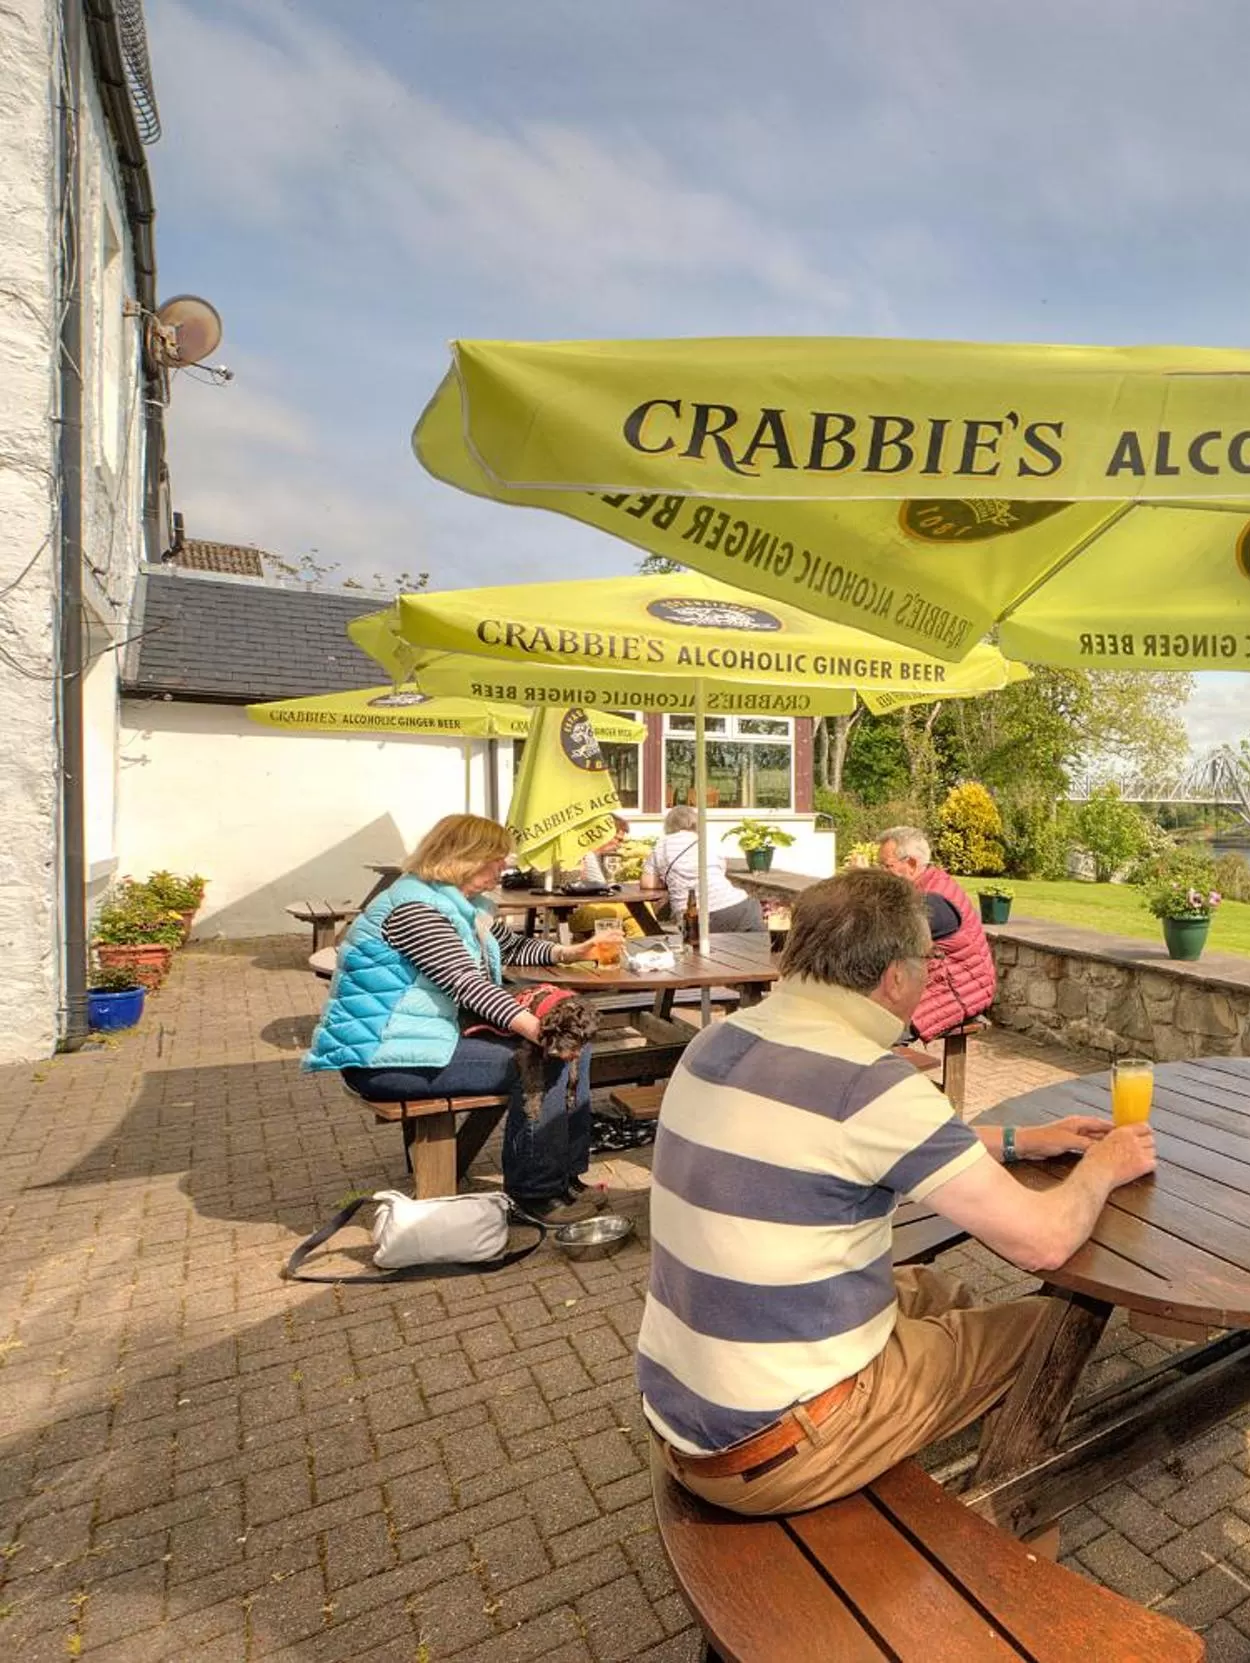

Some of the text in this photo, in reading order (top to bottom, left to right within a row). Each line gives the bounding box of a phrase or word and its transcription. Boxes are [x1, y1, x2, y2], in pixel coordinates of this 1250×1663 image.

[623, 399, 1064, 477] CRABBIE'S
[477, 619, 946, 682] CRABBIE'S ALCOHOLIC GINGER BEER
[343, 714, 396, 726] ALCOHOLIC
[398, 717, 435, 728] GINGER
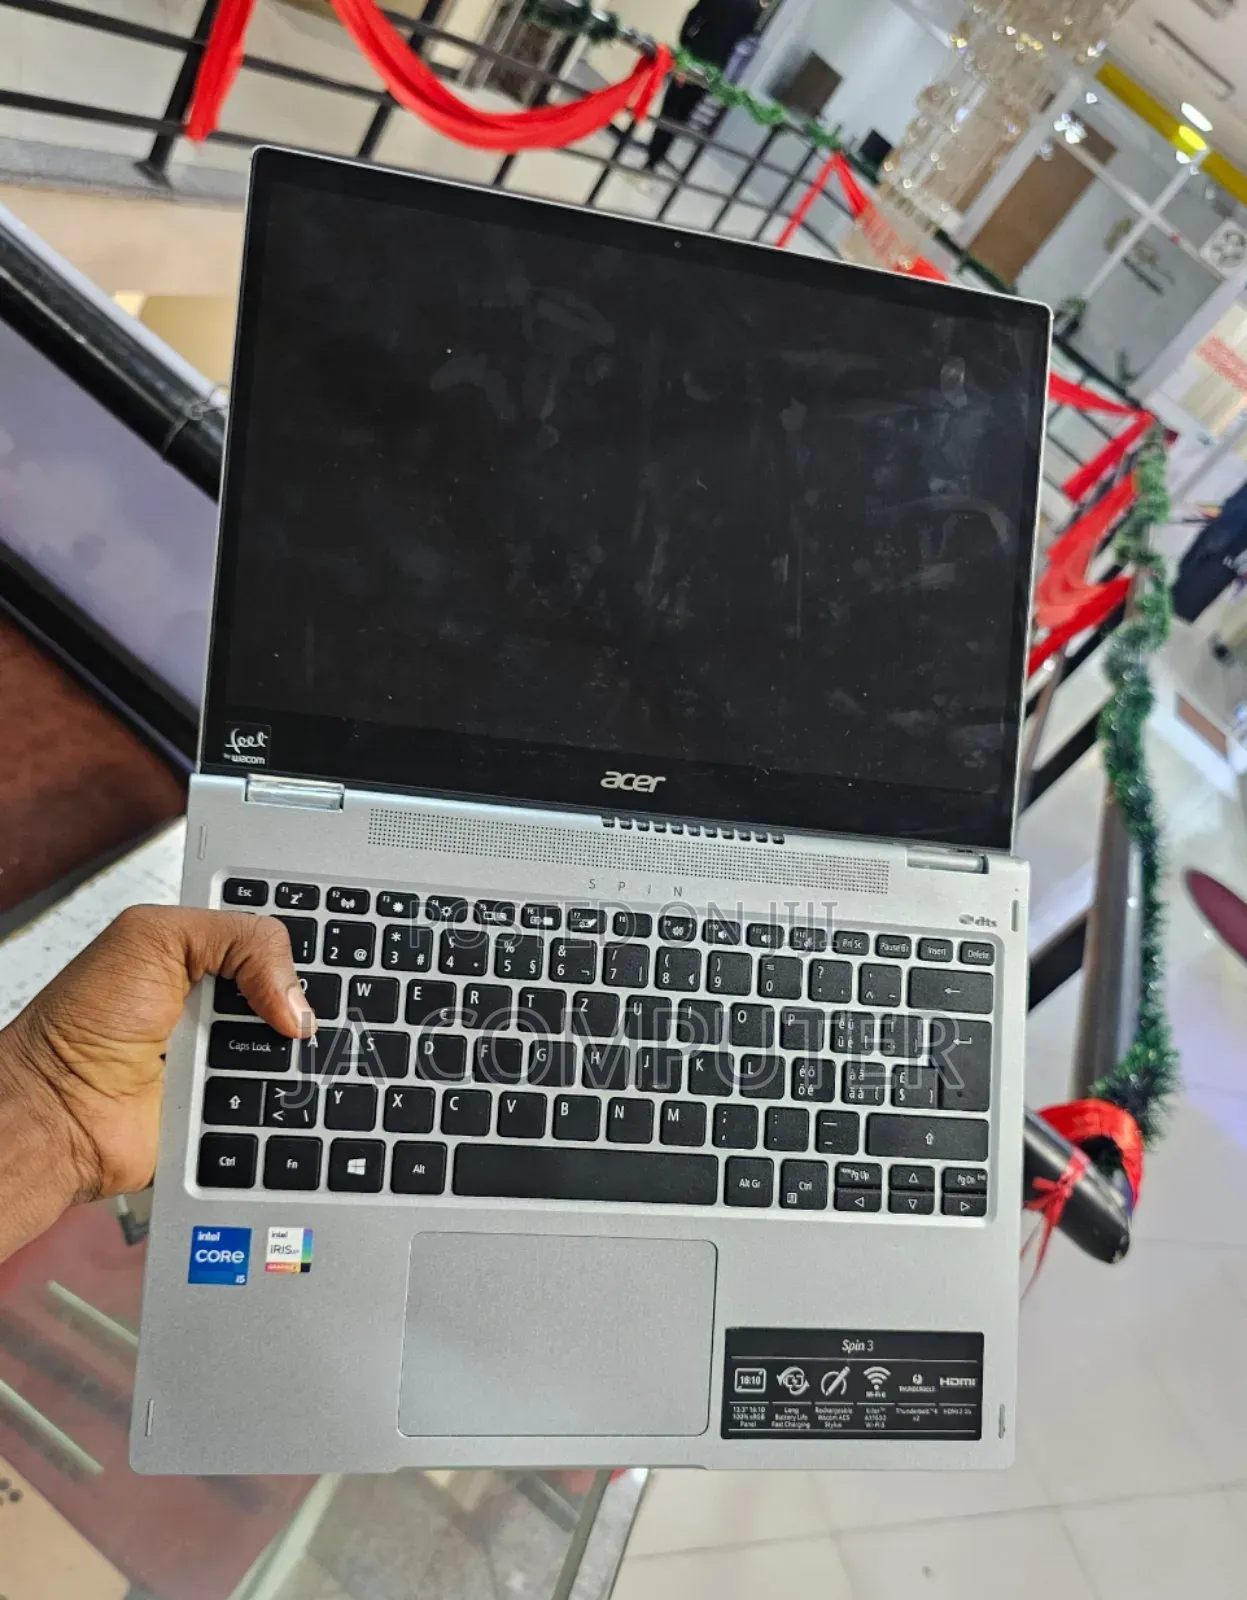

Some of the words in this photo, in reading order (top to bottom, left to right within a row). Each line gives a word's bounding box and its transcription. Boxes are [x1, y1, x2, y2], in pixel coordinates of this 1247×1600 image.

[600, 770, 667, 793] acer
[237, 886, 252, 897] Esc
[329, 946, 339, 960] 2
[353, 949, 368, 962] @
[928, 946, 946, 956] Insert
[967, 949, 990, 960] Delete
[390, 951, 399, 965] 3
[445, 955, 455, 968] 4
[503, 960, 512, 973] 5
[556, 964, 566, 977] 6
[609, 968, 617, 980] 7
[661, 972, 671, 985] 8
[713, 976, 722, 989] 9
[765, 980, 774, 993] 0
[356, 982, 372, 997] W
[413, 986, 422, 1001] E
[470, 990, 480, 1005] R
[526, 994, 535, 1008] T
[580, 998, 589, 1012] Z
[633, 1002, 643, 1016] U
[787, 1014, 796, 1027] P
[228, 1039, 250, 1052] Caps
[252, 1041, 272, 1053] Lock
[307, 1033, 319, 1049] A
[366, 1037, 375, 1052] S
[424, 1041, 434, 1055] D
[481, 1044, 489, 1058] F
[536, 1048, 547, 1062] G
[590, 1052, 600, 1065] H
[643, 1056, 650, 1069] J
[695, 1058, 705, 1072] K
[747, 1062, 754, 1075] L
[334, 1090, 343, 1104] Y
[392, 1093, 403, 1108] X
[449, 1096, 459, 1111] C
[506, 1100, 517, 1114] V
[561, 1102, 569, 1116] B
[614, 1105, 625, 1119] N
[667, 1108, 680, 1122] M
[218, 1156, 236, 1167] Ctrl
[287, 1159, 298, 1170] Fn
[412, 1164, 426, 1175] Alt
[850, 1170, 859, 1181] Pg
[859, 1170, 870, 1182] Up
[738, 1177, 750, 1189] Alt
[751, 1178, 761, 1189] Gr
[799, 1180, 812, 1191] Ctrl
[957, 1174, 966, 1186] Pg
[197, 1231, 220, 1242] intel
[235, 1274, 246, 1284] i5
[842, 1339, 865, 1353] Spin
[867, 1339, 874, 1351] 3
[784, 1407, 800, 1415] Long
[740, 1420, 757, 1428] Panel

» WHAT THE TASK ASKS: Having found the line with "Some of the words" in the listing above, transcribe it and every line after it to the end, exactly, with no additions.

» EXERCISE SOLUTION:
Some of the words in this photo, in reading order (top to bottom, left to right within a row). Each line gives a word's bounding box and its transcription. Boxes are [x1, y1, x2, y2], in pixel coordinates of this 1247×1600 image.

[600, 770, 667, 793] acer
[237, 886, 252, 897] Esc
[329, 946, 339, 960] 2
[353, 949, 368, 962] @
[928, 946, 946, 956] Insert
[967, 949, 990, 960] Delete
[390, 951, 399, 965] 3
[445, 955, 455, 968] 4
[503, 960, 512, 973] 5
[556, 964, 566, 977] 6
[609, 968, 617, 980] 7
[661, 972, 671, 985] 8
[713, 976, 722, 989] 9
[765, 980, 774, 993] 0
[356, 982, 372, 997] W
[413, 986, 422, 1001] E
[470, 990, 480, 1005] R
[526, 994, 535, 1008] T
[580, 998, 589, 1012] Z
[633, 1002, 643, 1016] U
[787, 1014, 796, 1027] P
[228, 1039, 250, 1052] Caps
[252, 1041, 272, 1053] Lock
[307, 1033, 319, 1049] A
[366, 1037, 375, 1052] S
[424, 1041, 434, 1055] D
[481, 1044, 489, 1058] F
[536, 1048, 547, 1062] G
[590, 1052, 600, 1065] H
[643, 1056, 650, 1069] J
[695, 1058, 705, 1072] K
[747, 1062, 754, 1075] L
[334, 1090, 343, 1104] Y
[392, 1093, 403, 1108] X
[449, 1096, 459, 1111] C
[506, 1100, 517, 1114] V
[561, 1102, 569, 1116] B
[614, 1105, 625, 1119] N
[667, 1108, 680, 1122] M
[218, 1156, 236, 1167] Ctrl
[287, 1159, 298, 1170] Fn
[412, 1164, 426, 1175] Alt
[850, 1170, 859, 1181] Pg
[859, 1170, 870, 1182] Up
[738, 1177, 750, 1189] Alt
[751, 1178, 761, 1189] Gr
[799, 1180, 812, 1191] Ctrl
[957, 1174, 966, 1186] Pg
[197, 1231, 220, 1242] intel
[235, 1274, 246, 1284] i5
[842, 1339, 865, 1353] Spin
[867, 1339, 874, 1351] 3
[784, 1407, 800, 1415] Long
[740, 1420, 757, 1428] Panel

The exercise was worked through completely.